Stored entries:
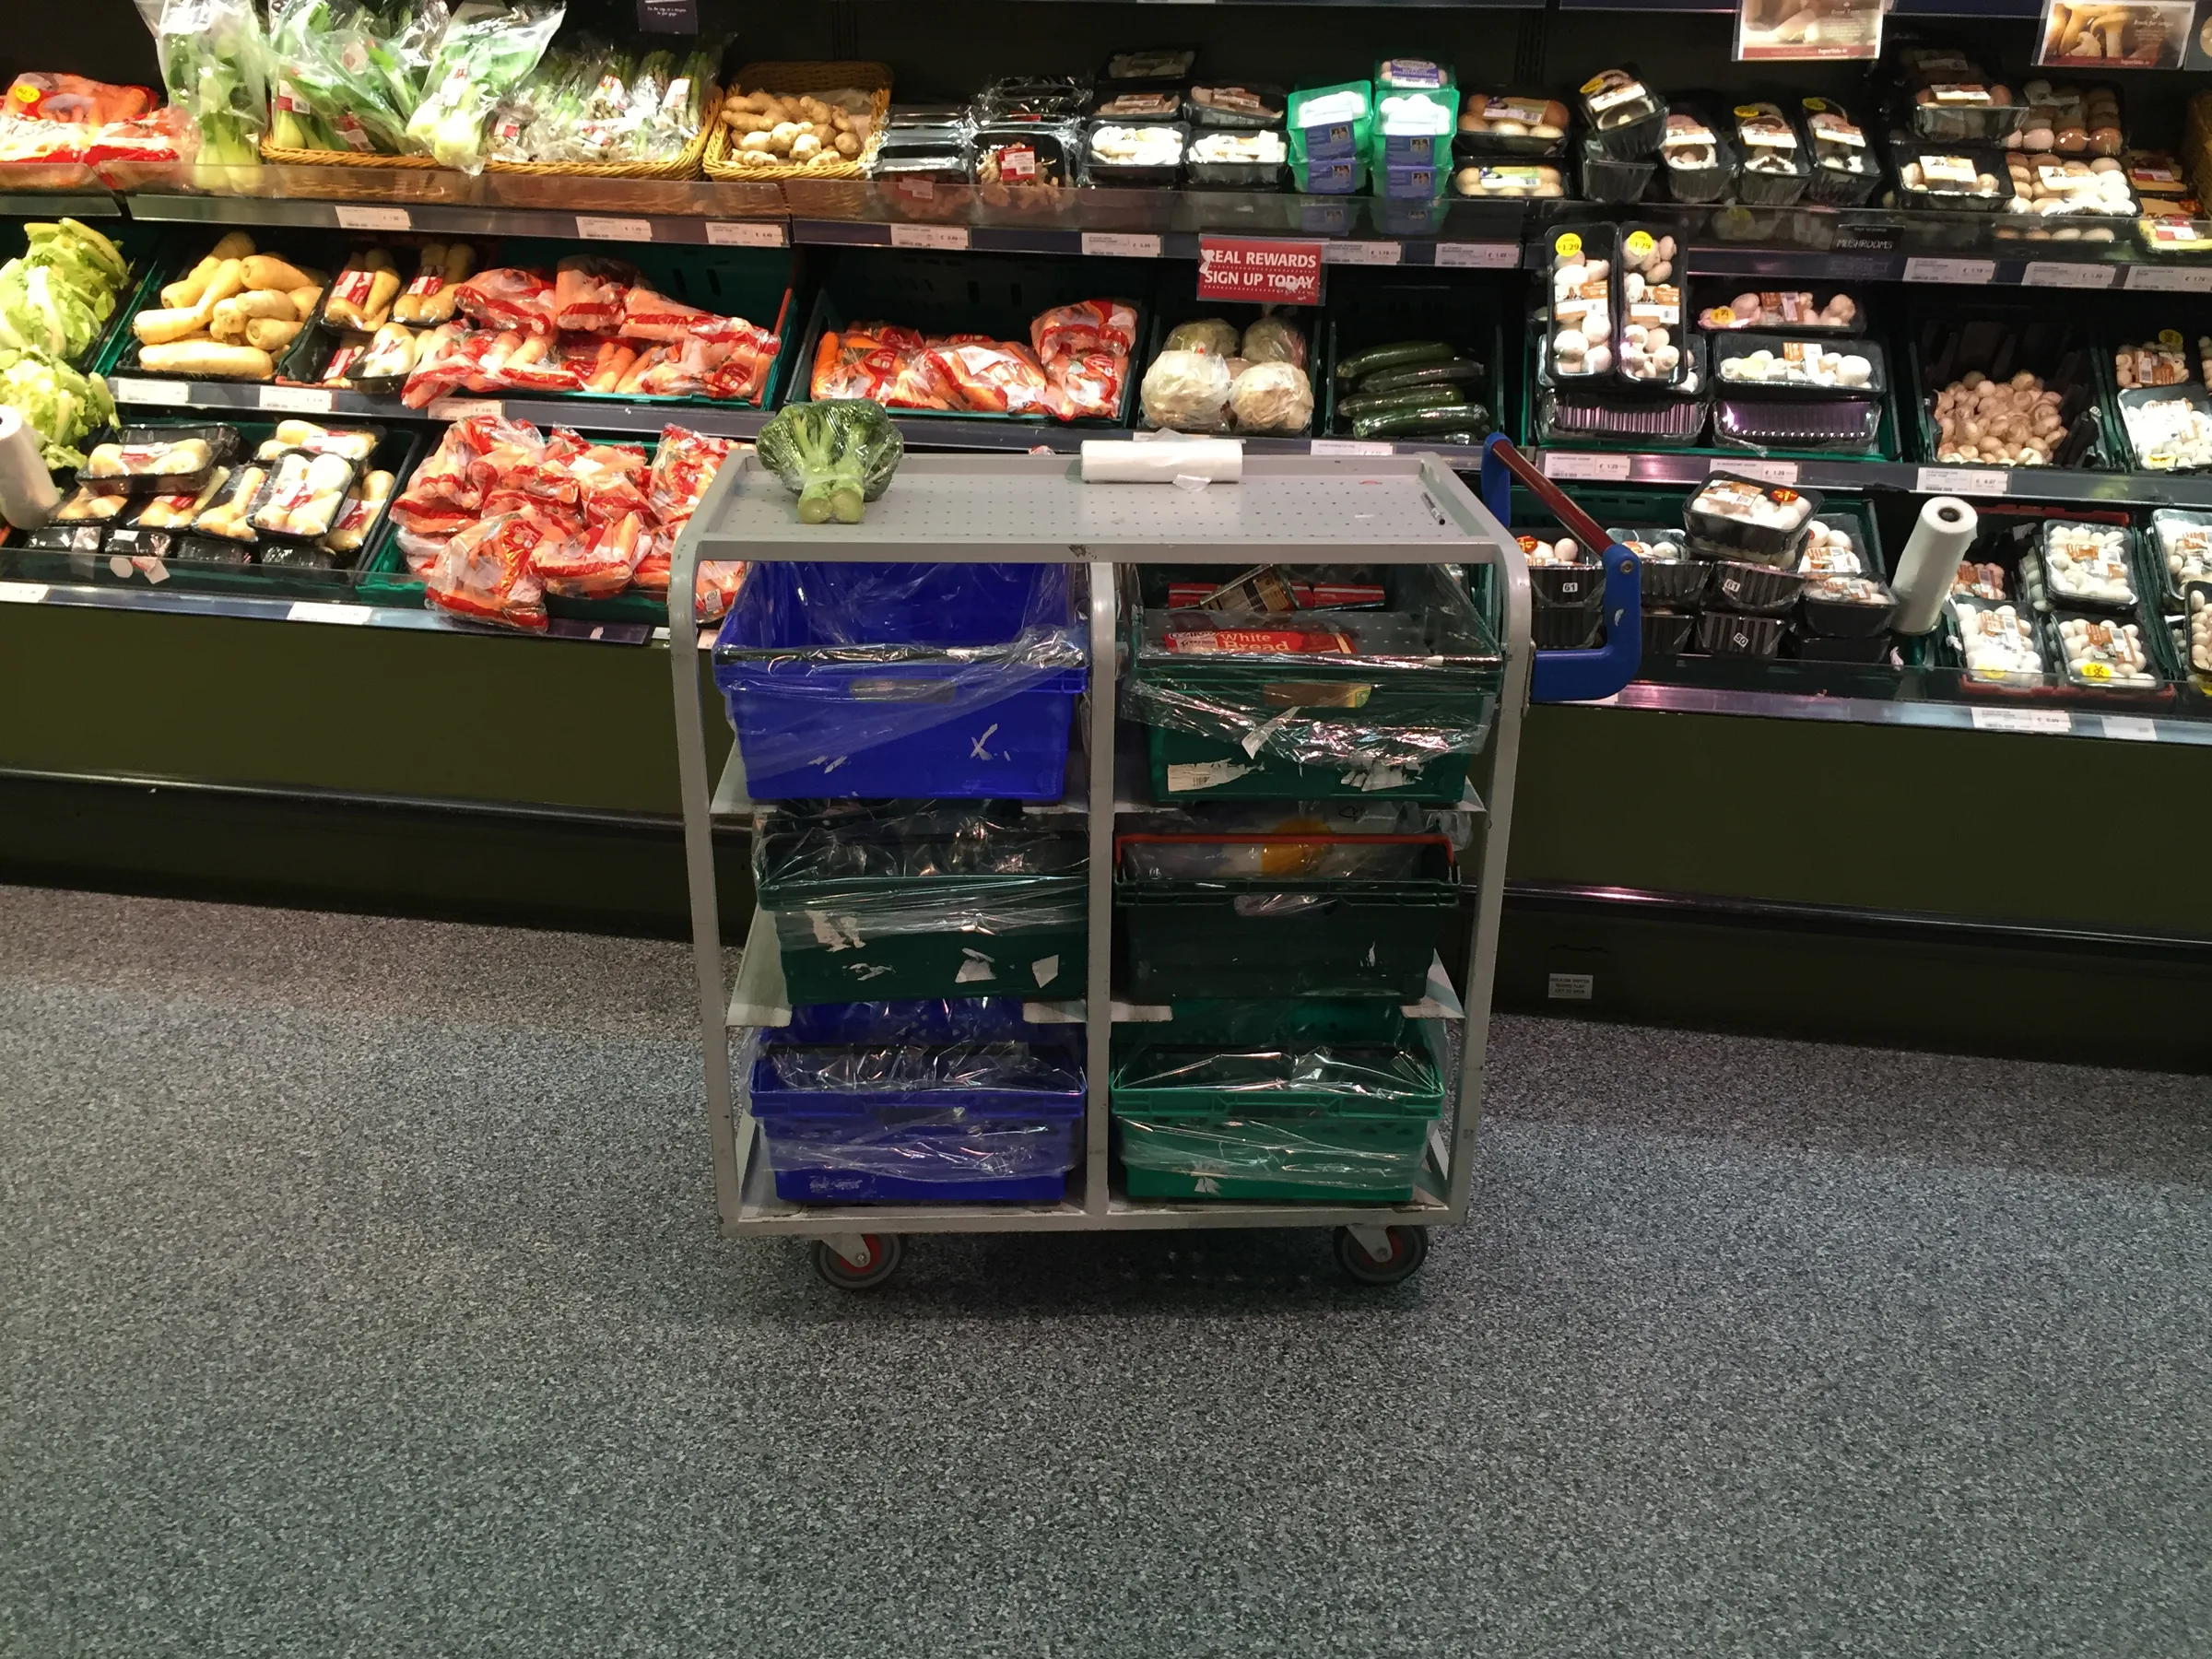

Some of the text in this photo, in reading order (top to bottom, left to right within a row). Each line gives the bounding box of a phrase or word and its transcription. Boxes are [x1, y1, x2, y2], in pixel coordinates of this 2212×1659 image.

[1836, 239, 1893, 250] MUSHROOMS
[1206, 249, 1241, 265] REAL
[1246, 252, 1317, 268] REWARDS
[1205, 270, 1315, 288] SIGN UP TODAY
[1564, 583, 1577, 592] 61
[1220, 632, 1272, 642] White
[1735, 634, 1747, 645] 50
[1223, 641, 1291, 652] Bread
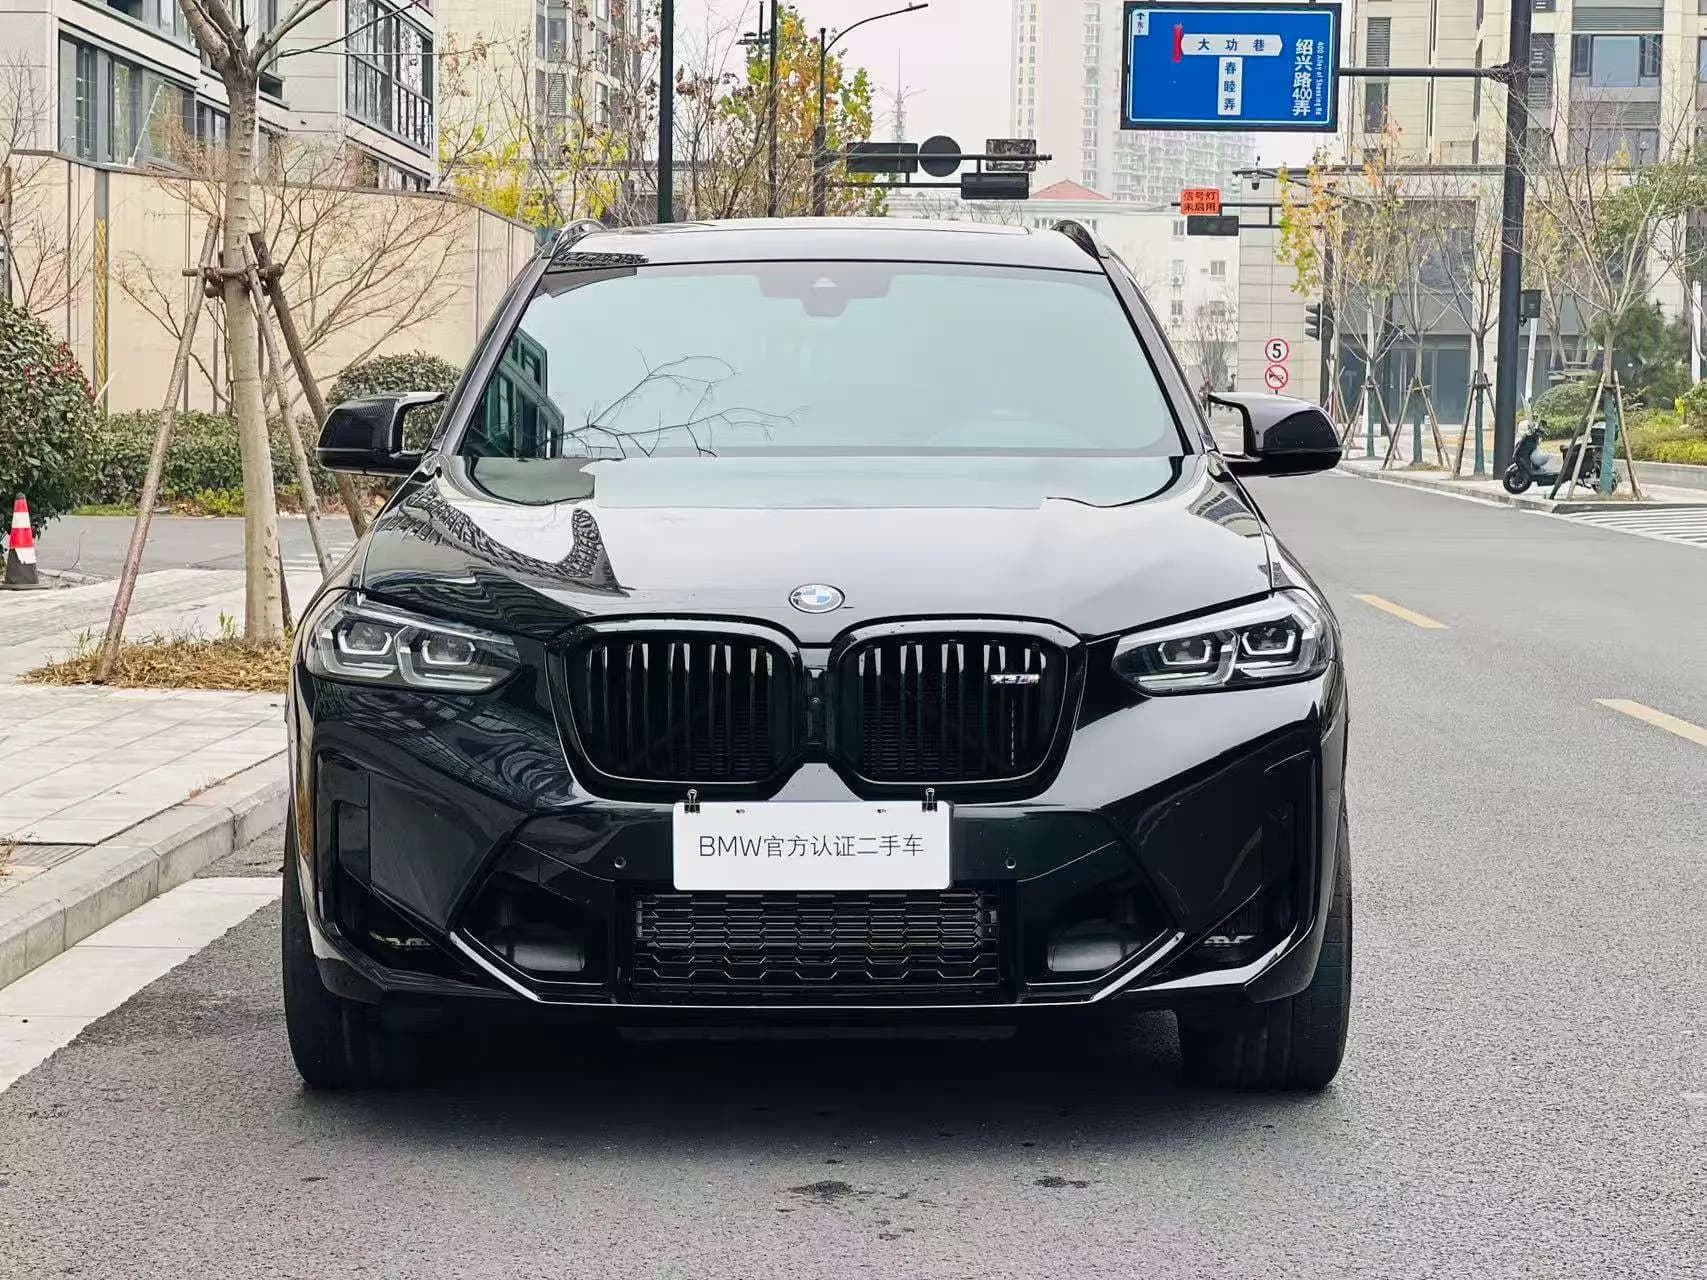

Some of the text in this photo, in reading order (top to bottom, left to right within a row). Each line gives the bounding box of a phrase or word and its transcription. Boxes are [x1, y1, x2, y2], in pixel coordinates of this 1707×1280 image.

[1198, 38, 1265, 52] 大功巷
[1292, 38, 1313, 116] 绍兴路400弄
[1223, 61, 1237, 111] 春睦弄
[1184, 191, 1216, 201] 信号灯
[1184, 202, 1216, 212] 未启用
[1272, 343, 1281, 359] 5
[699, 834, 924, 858] BMW官方认证二手车

▶ _Task details_
Copy out the preceding entries without a single change, leaving out the pictures.

▶ _Written answer_
Some of the text in this photo, in reading order (top to bottom, left to right within a row). Each line gives the bounding box of a phrase or word and its transcription. Boxes are [x1, y1, x2, y2], in pixel coordinates of this 2212×1659 image.

[1836, 239, 1893, 250] MUSHROOMS
[1206, 249, 1241, 265] REAL
[1246, 252, 1317, 268] REWARDS
[1205, 270, 1315, 288] SIGN UP TODAY
[1564, 583, 1577, 592] 61
[1220, 632, 1272, 642] White
[1735, 634, 1747, 645] 50
[1223, 641, 1291, 652] Bread

Some of the text in this photo, in reading order (top to bottom, left to right within a row). Each line gives the bounding box of a phrase or word and its transcription. Boxes are [x1, y1, x2, y2], in pixel coordinates of this 1707×1280 image.

[1198, 38, 1265, 52] 大功巷
[1292, 38, 1313, 116] 绍兴路400弄
[1223, 61, 1237, 111] 春睦弄
[1184, 191, 1216, 201] 信号灯
[1184, 202, 1216, 212] 未启用
[1272, 343, 1281, 359] 5
[699, 834, 924, 858] BMW官方认证二手车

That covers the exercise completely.